◆ Task objective: Output the data below exactly as it is, dropping the pictures from your copy.

◆ Data to use:

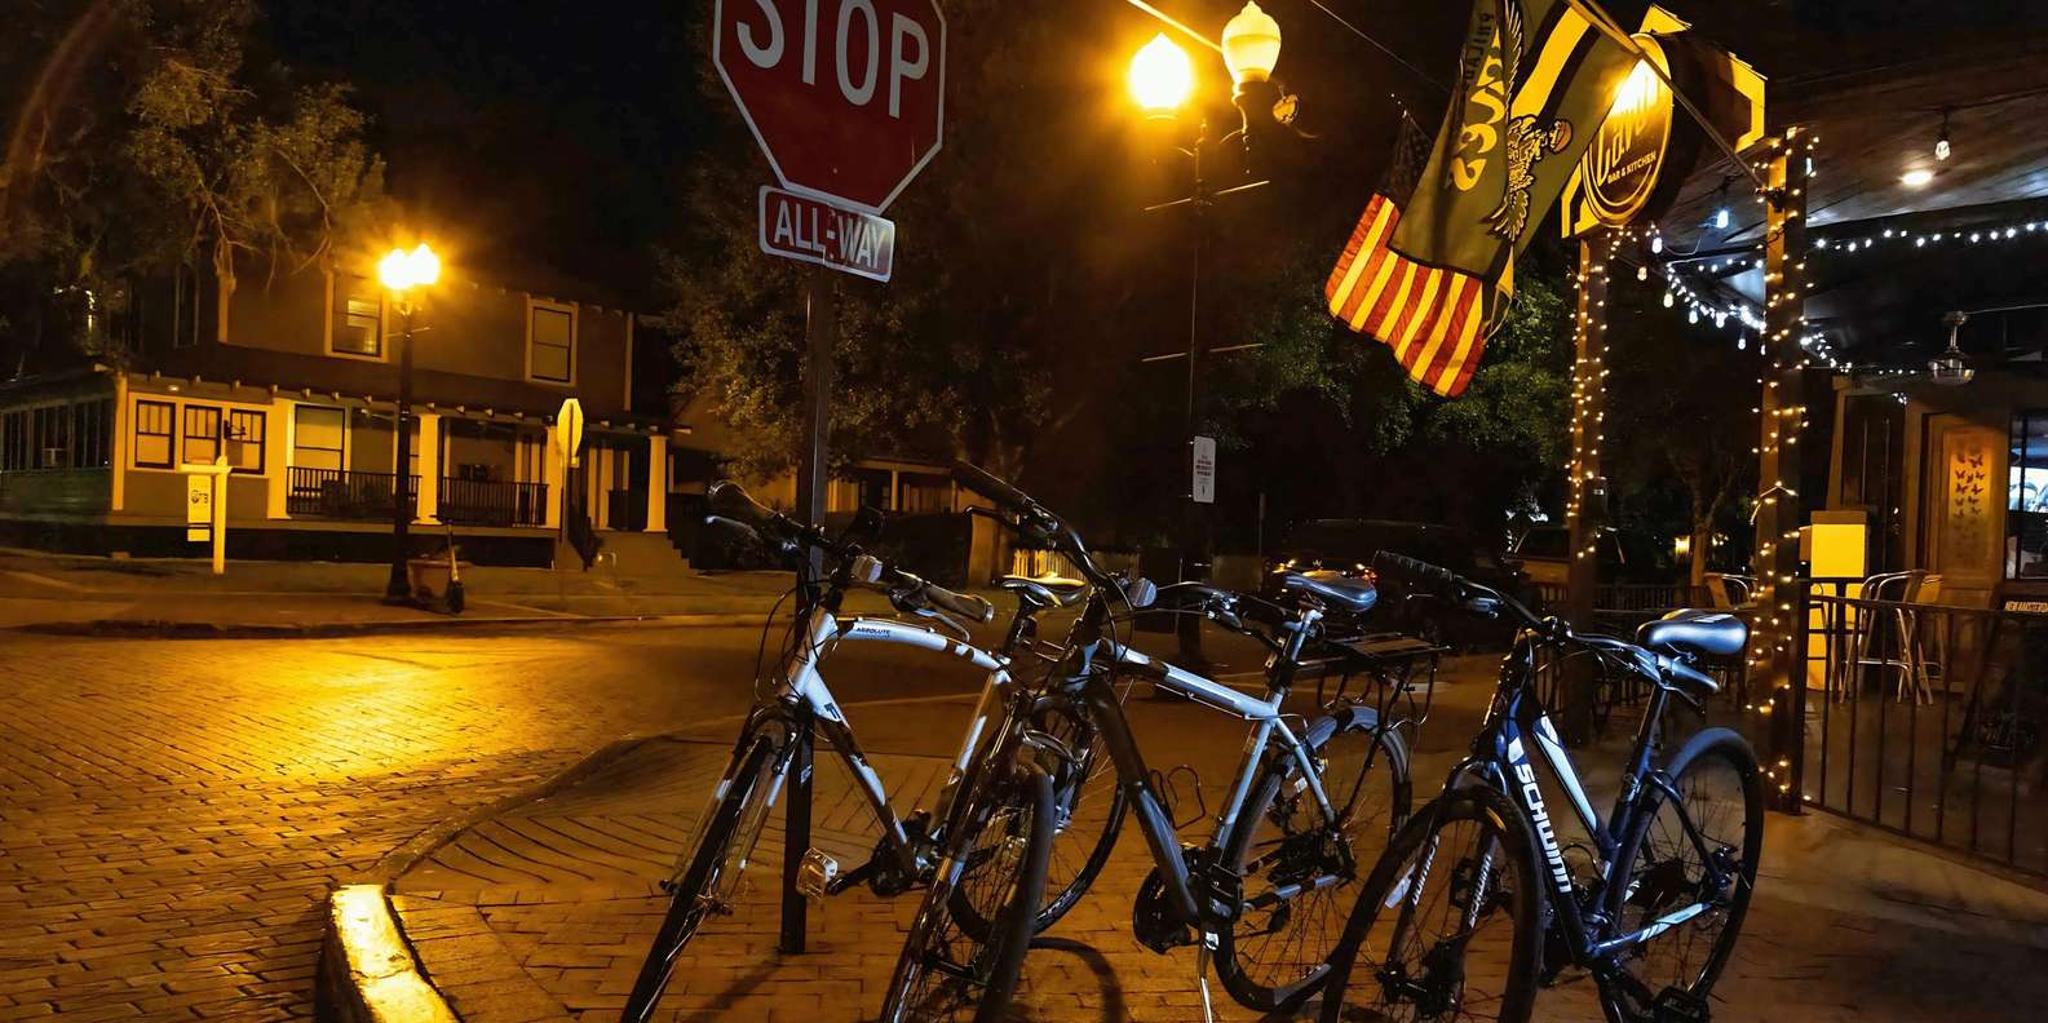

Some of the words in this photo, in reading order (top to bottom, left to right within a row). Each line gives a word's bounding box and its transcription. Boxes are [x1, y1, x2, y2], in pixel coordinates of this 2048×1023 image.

[736, 0, 930, 119] STOP
[1608, 170, 1620, 184] BAR
[1626, 150, 1656, 175] KITCHEN
[774, 200, 886, 269] ALL-WAY
[1515, 763, 1572, 893] SCHWINN
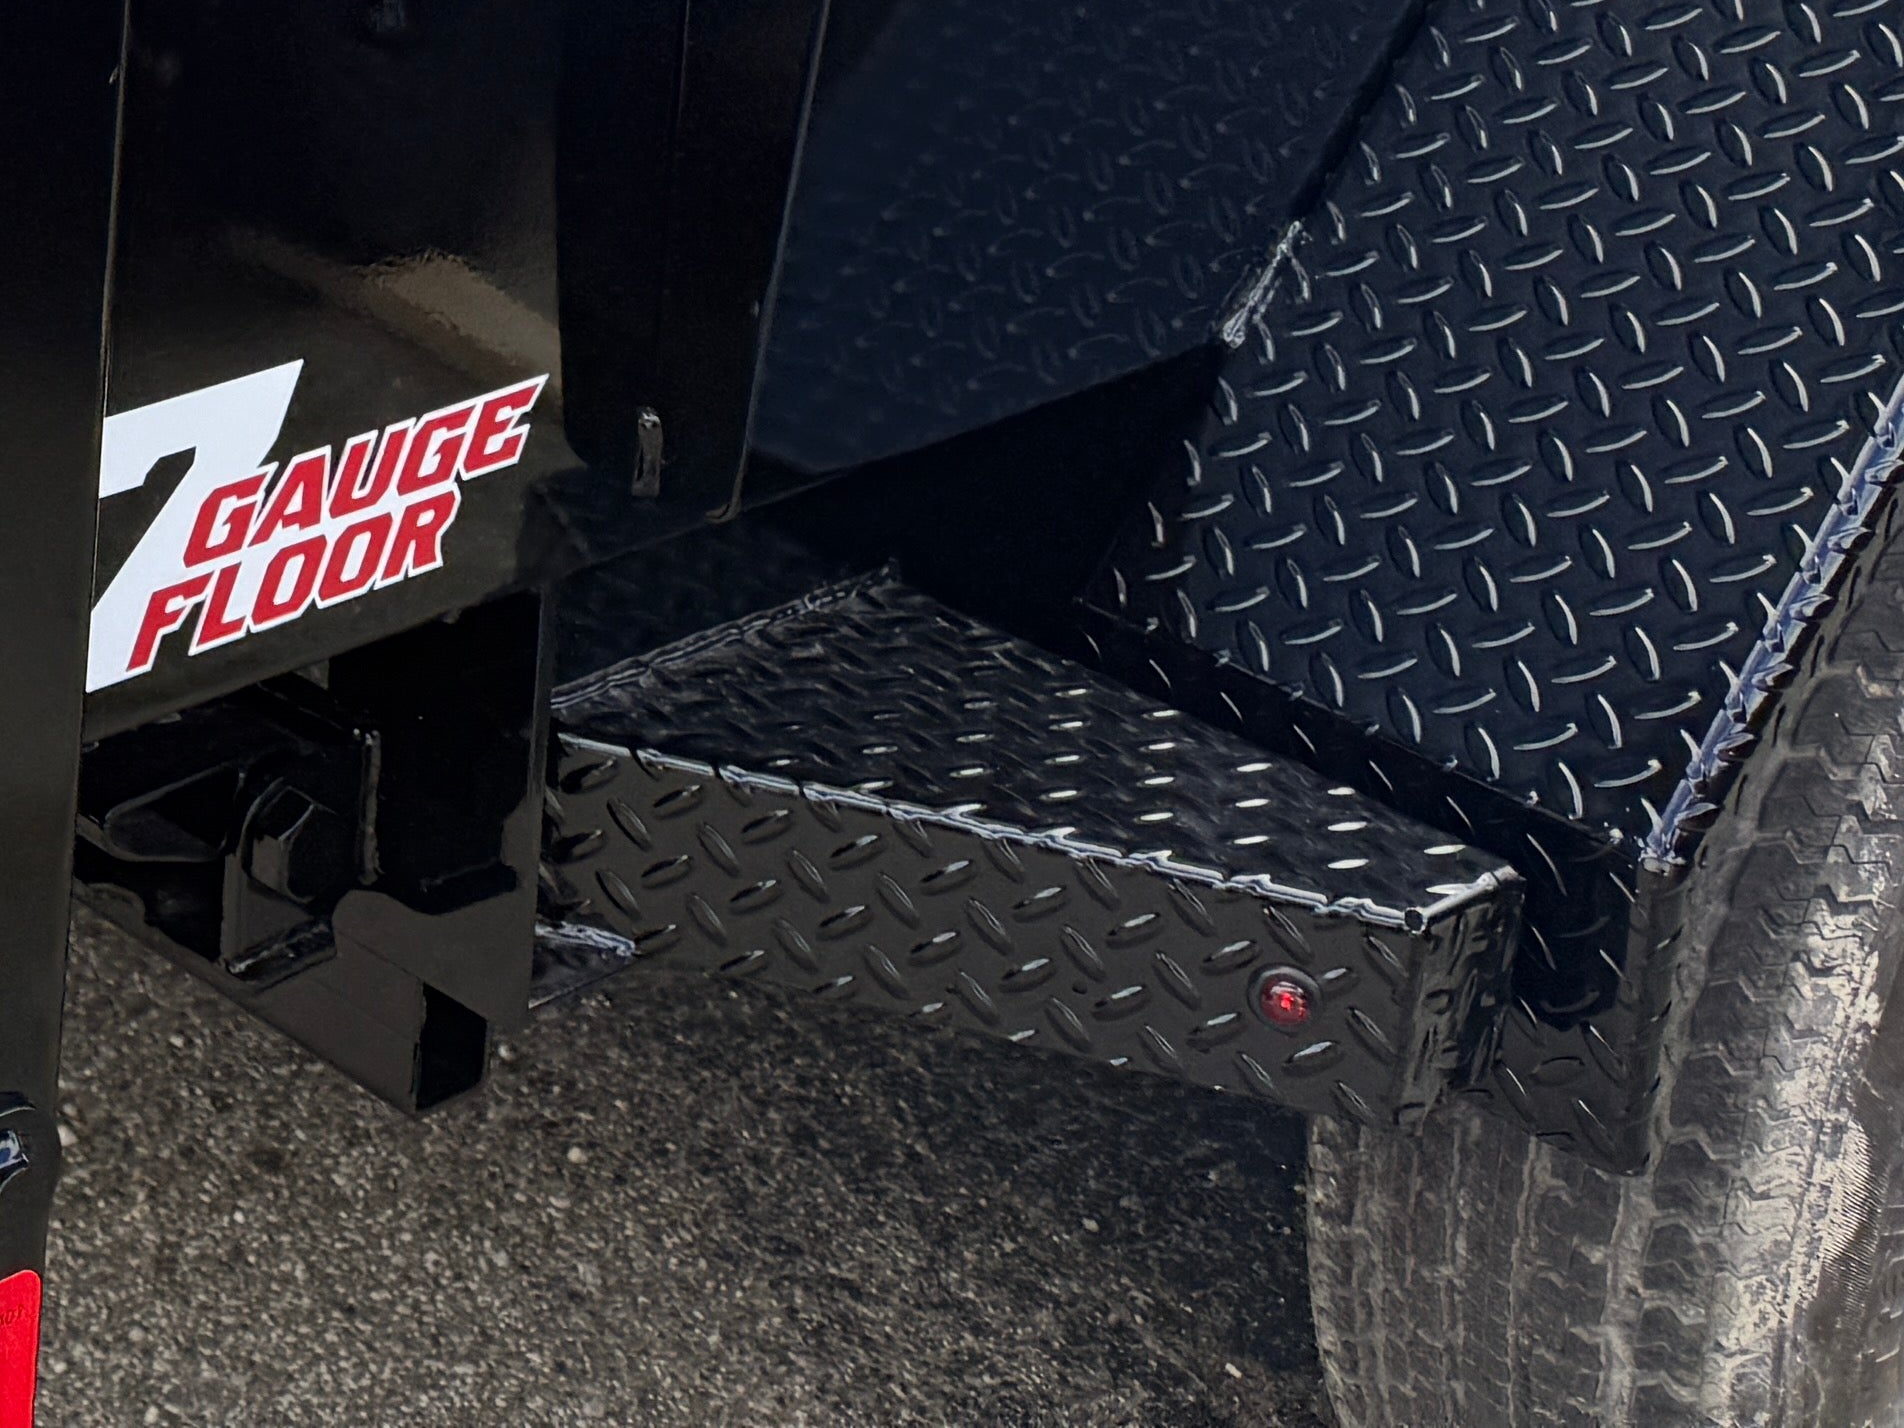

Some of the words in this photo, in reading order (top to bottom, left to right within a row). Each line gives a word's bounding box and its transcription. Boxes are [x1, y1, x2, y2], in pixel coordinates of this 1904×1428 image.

◆ Reply to the task:
Some of the words in this photo, in reading order (top to bottom, left to right within a row). Each line gives a word's bounding box and its transcription. Boxes are [x1, y1, x2, y2], in pixel coordinates of this 2048×1023 image.

[736, 0, 930, 119] STOP
[1608, 170, 1620, 184] BAR
[1626, 150, 1656, 175] KITCHEN
[774, 200, 886, 269] ALL-WAY
[1515, 763, 1572, 893] SCHWINN

Some of the words in this photo, in reading order (top to bottom, left to right within a row). Each line gives a word's bounding box and its transcription. Boxes are [x1, y1, x2, y2], in pixel coordinates of this 1904×1428 image.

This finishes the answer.